▸ **Exercise prompt**:
Each line from the one containing "this 2212×1659 image." through the final line of the data below must be repeated exactly.

▸ **Data to process**:
= Beginning of Section =
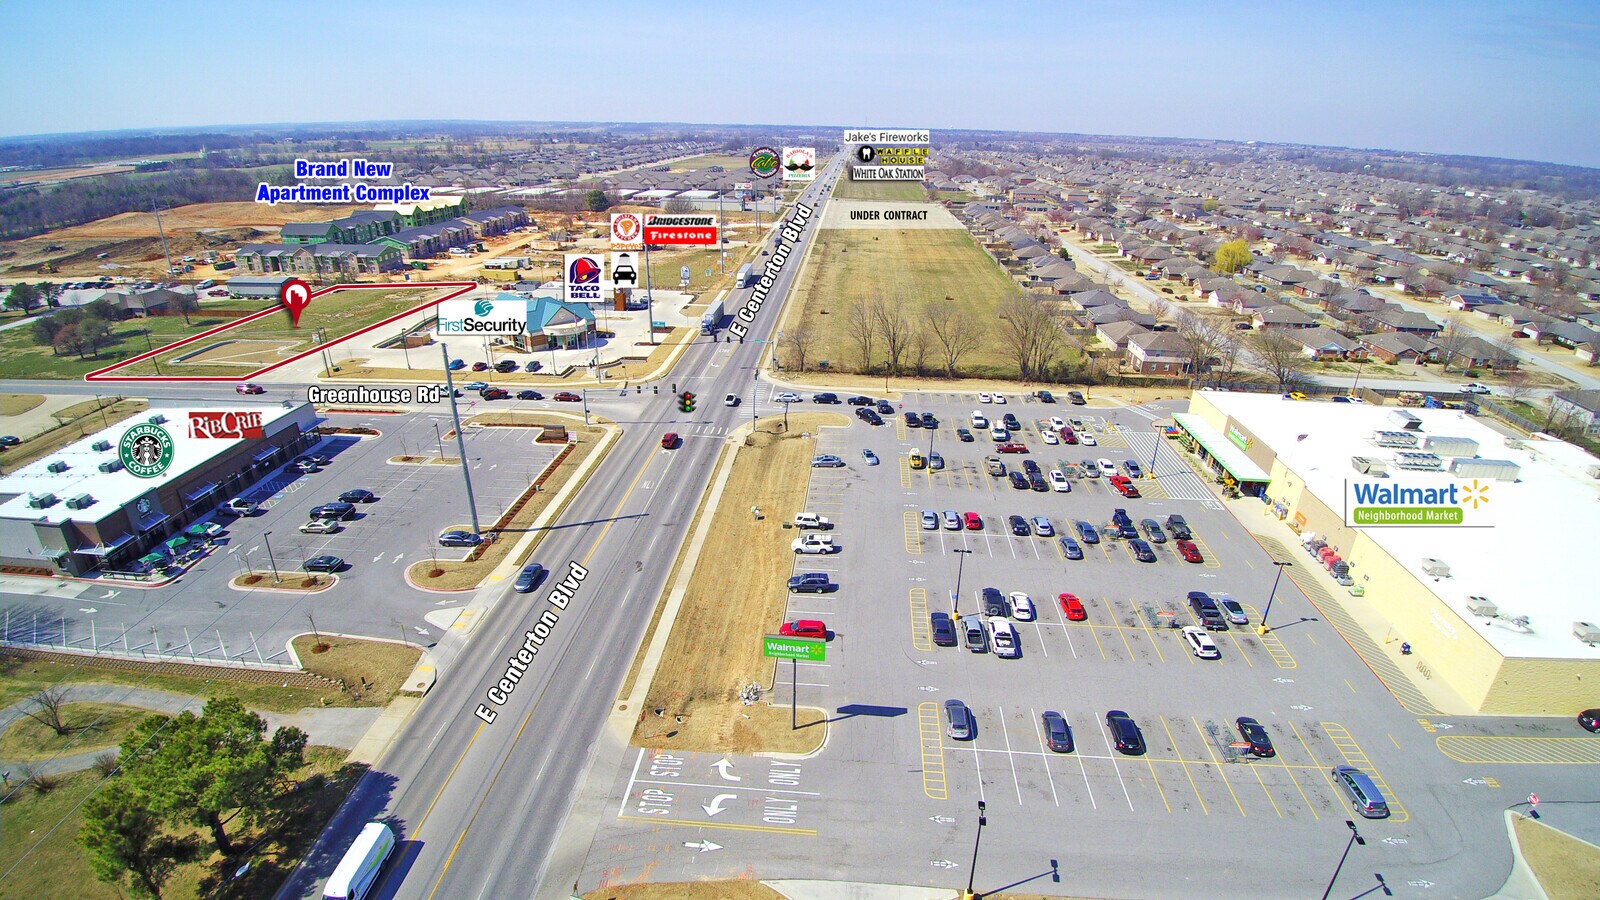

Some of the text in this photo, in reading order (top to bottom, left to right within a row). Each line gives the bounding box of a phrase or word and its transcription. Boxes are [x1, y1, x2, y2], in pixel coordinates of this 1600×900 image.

[767, 642, 810, 653] Walmart
[649, 754, 684, 777] STOP
[768, 760, 802, 786] ONLY
[637, 788, 675, 815] STOP
[762, 796, 798, 824] ONLY
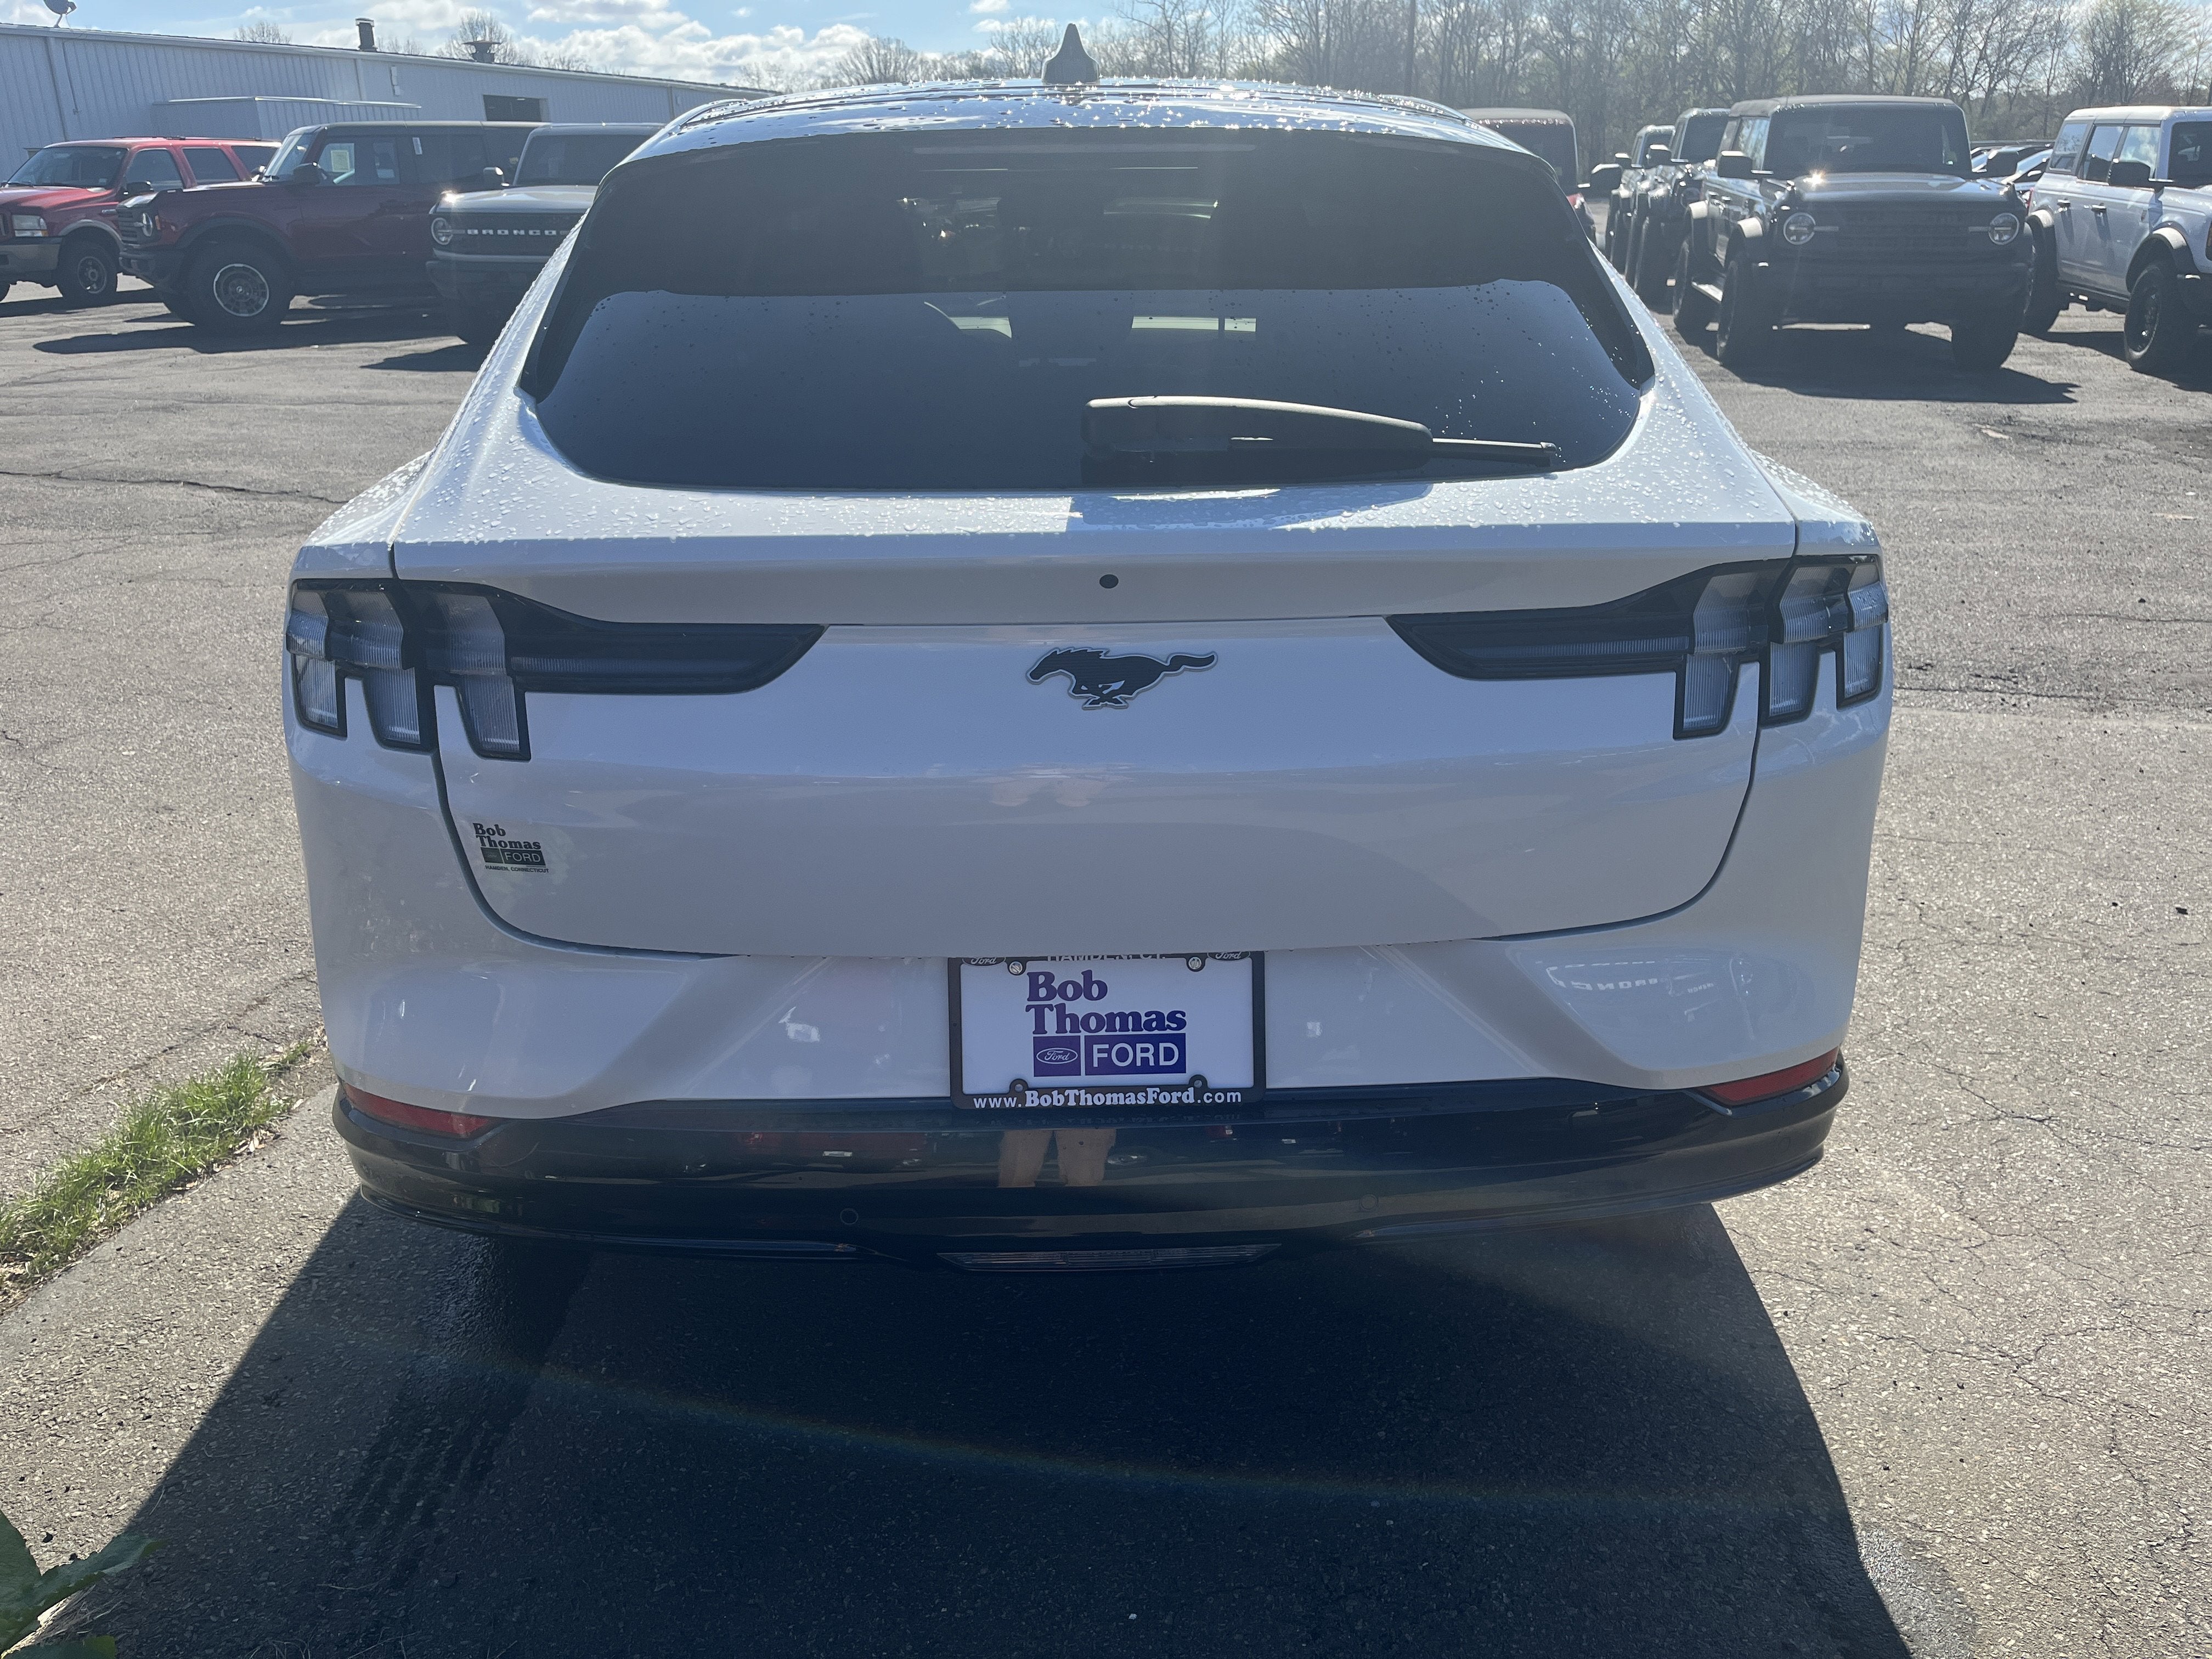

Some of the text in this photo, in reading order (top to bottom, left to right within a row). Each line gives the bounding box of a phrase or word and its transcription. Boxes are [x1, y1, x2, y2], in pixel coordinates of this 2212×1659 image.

[472, 822, 506, 837] Bob
[476, 835, 541, 850] Thomas
[504, 852, 541, 862] FORD
[1026, 969, 1108, 1002] Bob
[1025, 1003, 1187, 1035] Thomas
[1043, 1042, 1179, 1068] Ford FORD
[973, 1087, 1242, 1109] www.BobThomasFord.com
= End of Section =
▸ **Reply**:
Some of the text in this photo, in reading order (top to bottom, left to right within a row). Each line gives the bounding box of a phrase or word and its transcription. Boxes are [x1, y1, x2, y2], in pixel coordinates of this 2212×1659 image.

[472, 822, 506, 837] Bob
[476, 835, 541, 850] Thomas
[504, 852, 541, 862] FORD
[1026, 969, 1108, 1002] Bob
[1025, 1003, 1187, 1035] Thomas
[1043, 1042, 1179, 1068] Ford FORD
[973, 1087, 1242, 1109] www.BobThomasFord.com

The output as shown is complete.